No pictures should appear in the copy; otherwise retype the entries exactly.

-- DATA follows --

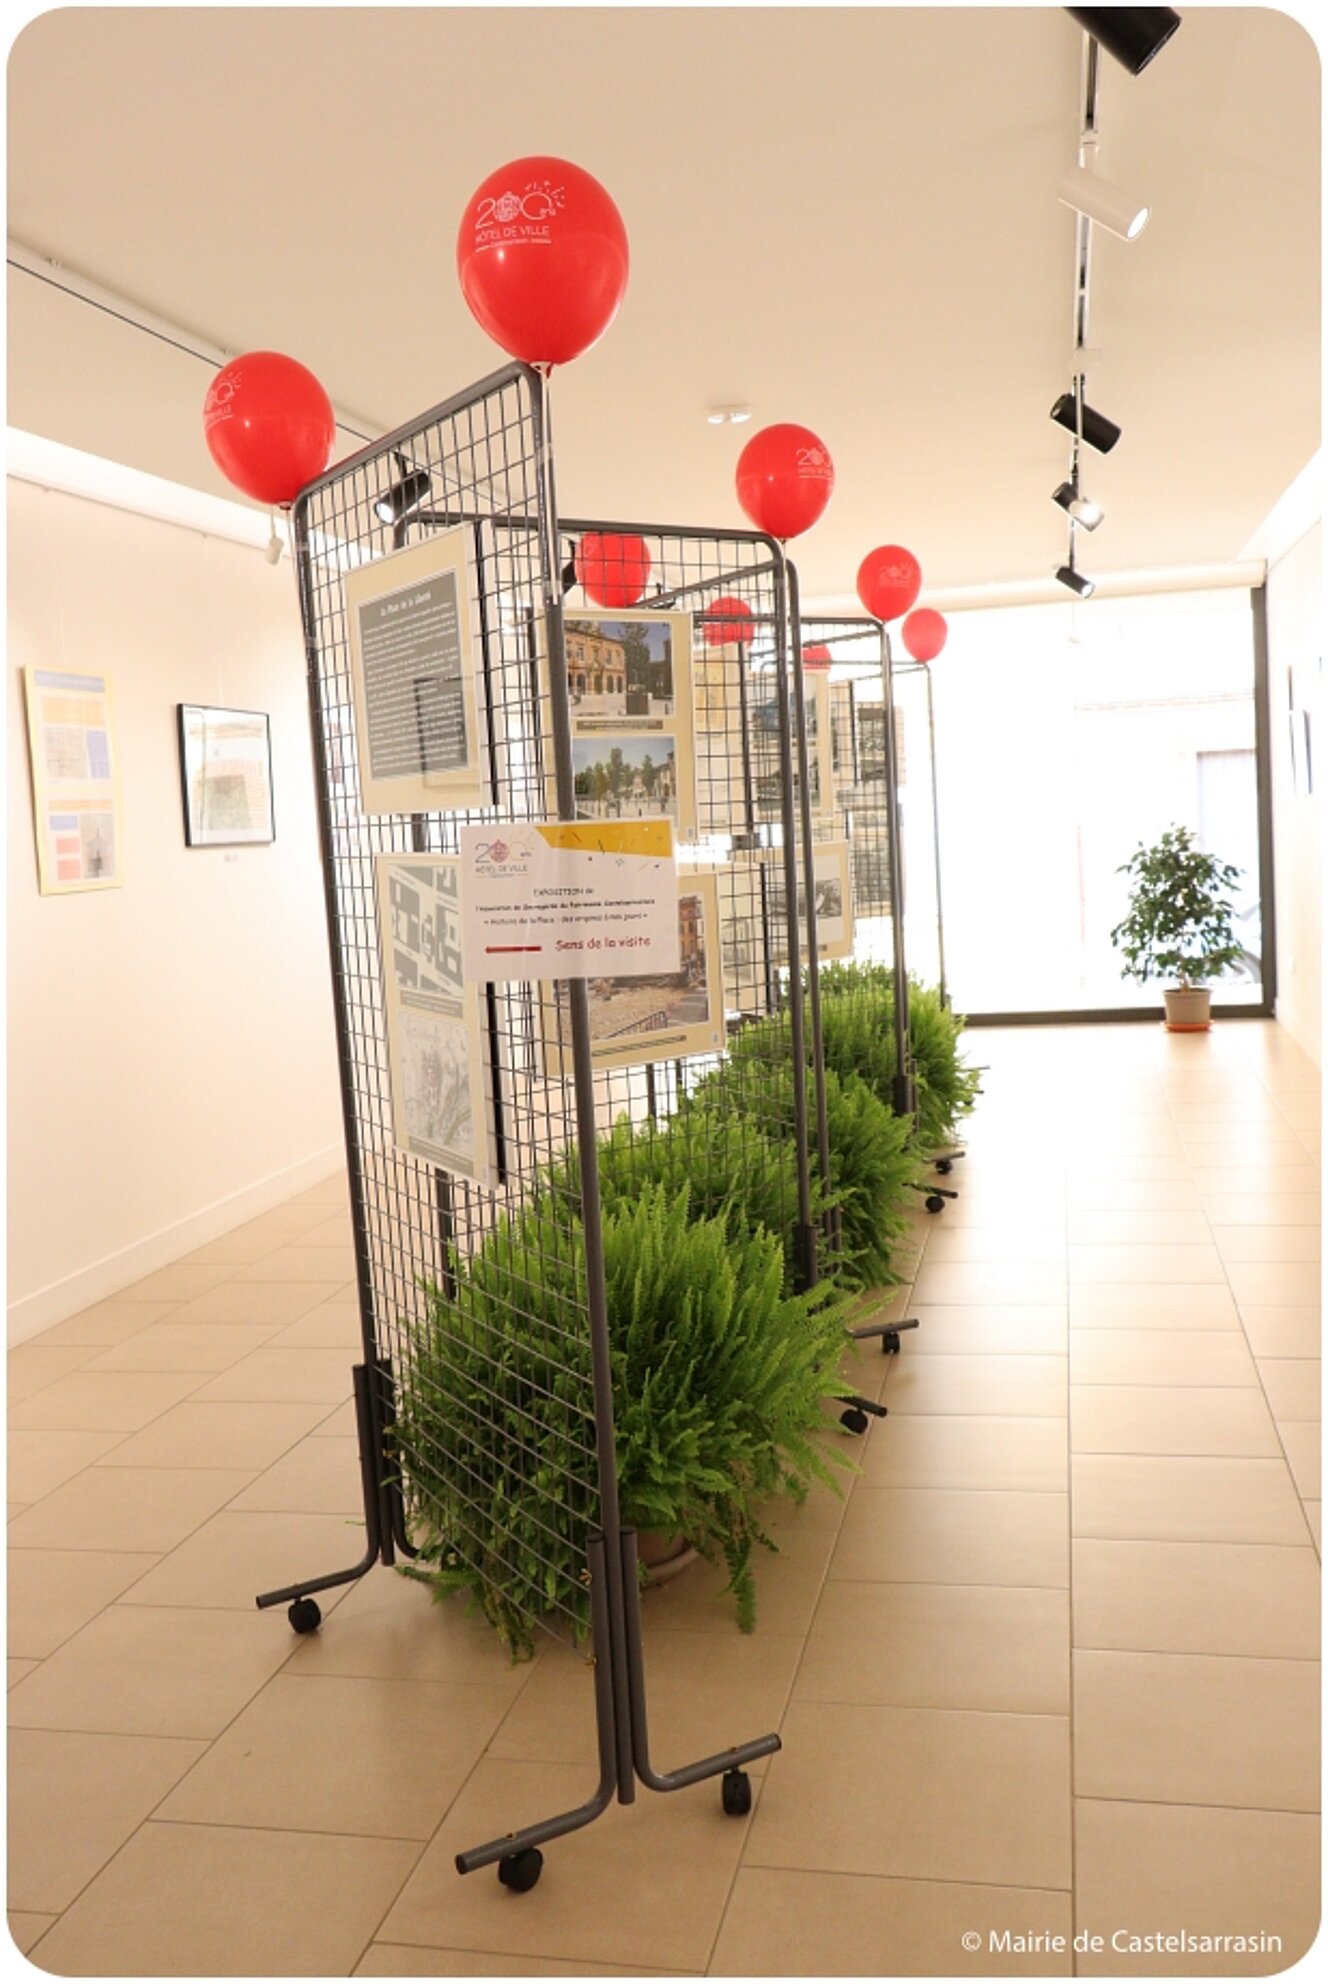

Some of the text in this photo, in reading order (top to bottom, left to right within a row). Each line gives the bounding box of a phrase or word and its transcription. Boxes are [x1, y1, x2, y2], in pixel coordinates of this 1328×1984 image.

[503, 225, 517, 238] DE
[519, 225, 550, 237] VILLE
[555, 936, 651, 951] Sens de la visite
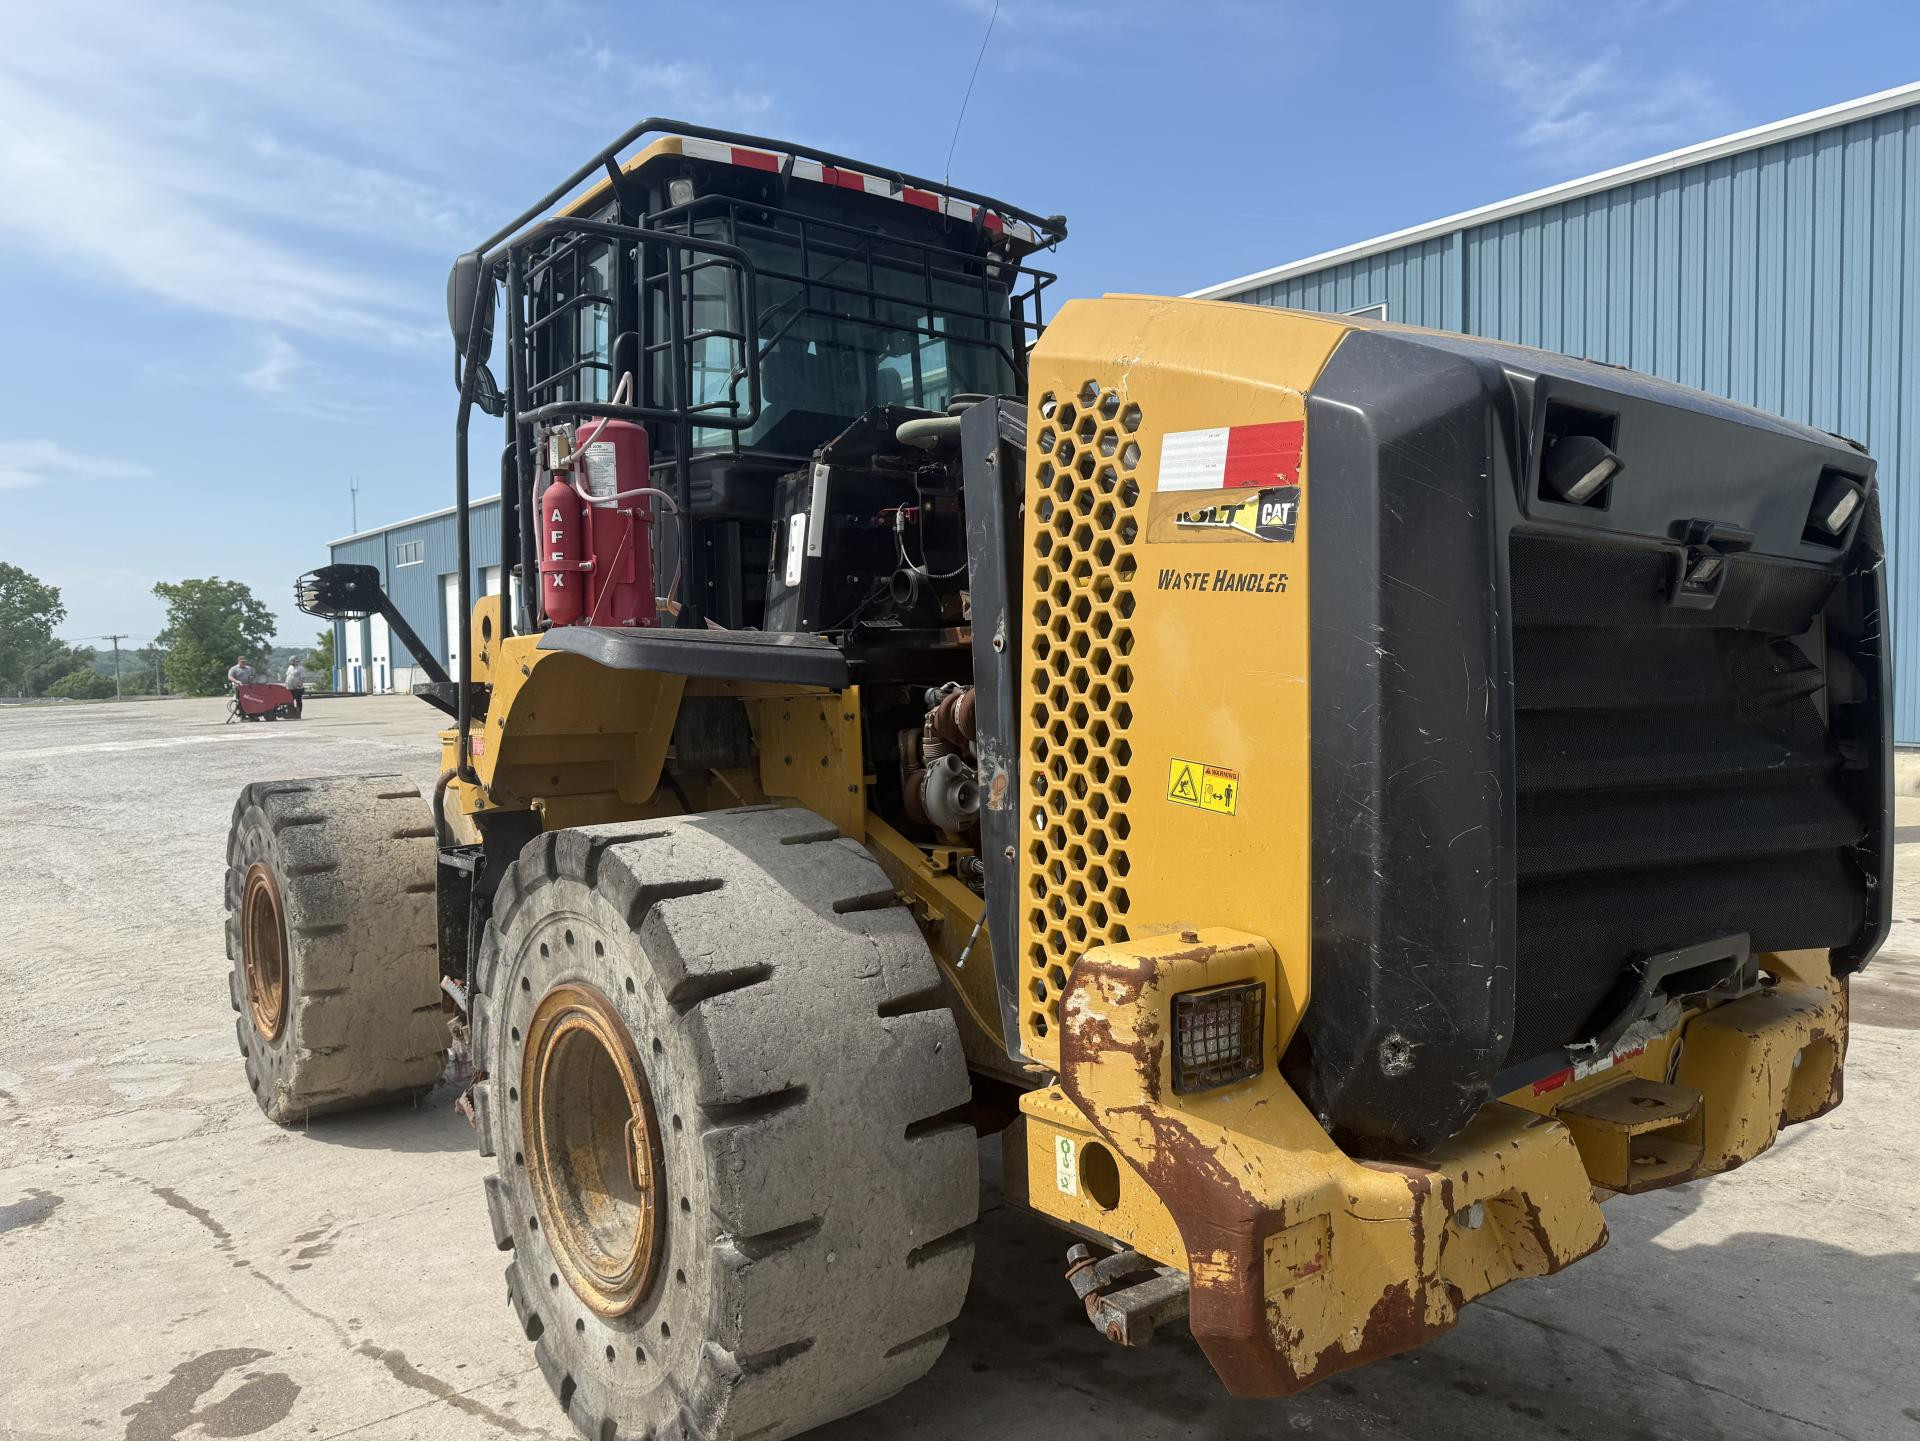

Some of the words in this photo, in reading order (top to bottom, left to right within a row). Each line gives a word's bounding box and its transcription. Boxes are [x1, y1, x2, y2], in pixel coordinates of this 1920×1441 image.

[1261, 503, 1293, 526] CAT
[1157, 569, 1211, 591] WASTE
[1212, 569, 1289, 593] HANDLER
[1211, 769, 1237, 780] WARNING

-- DATA concluded --

> **RESULT FOR THIS TASK**:
Some of the text in this photo, in reading order (top to bottom, left to right within a row). Each line gives the bounding box of a phrase or word and its transcription. Boxes are [x1, y1, x2, y2], in pixel coordinates of this 1328×1984 image.

[503, 225, 517, 238] DE
[519, 225, 550, 237] VILLE
[555, 936, 651, 951] Sens de la visite

Some of the words in this photo, in reading order (top to bottom, left to right within a row). Each line gives a word's bounding box and its transcription. Boxes are [x1, y1, x2, y2], in pixel coordinates of this 1920×1441 image.

[1261, 503, 1293, 526] CAT
[1157, 569, 1211, 591] WASTE
[1212, 569, 1289, 593] HANDLER
[1211, 769, 1237, 780] WARNING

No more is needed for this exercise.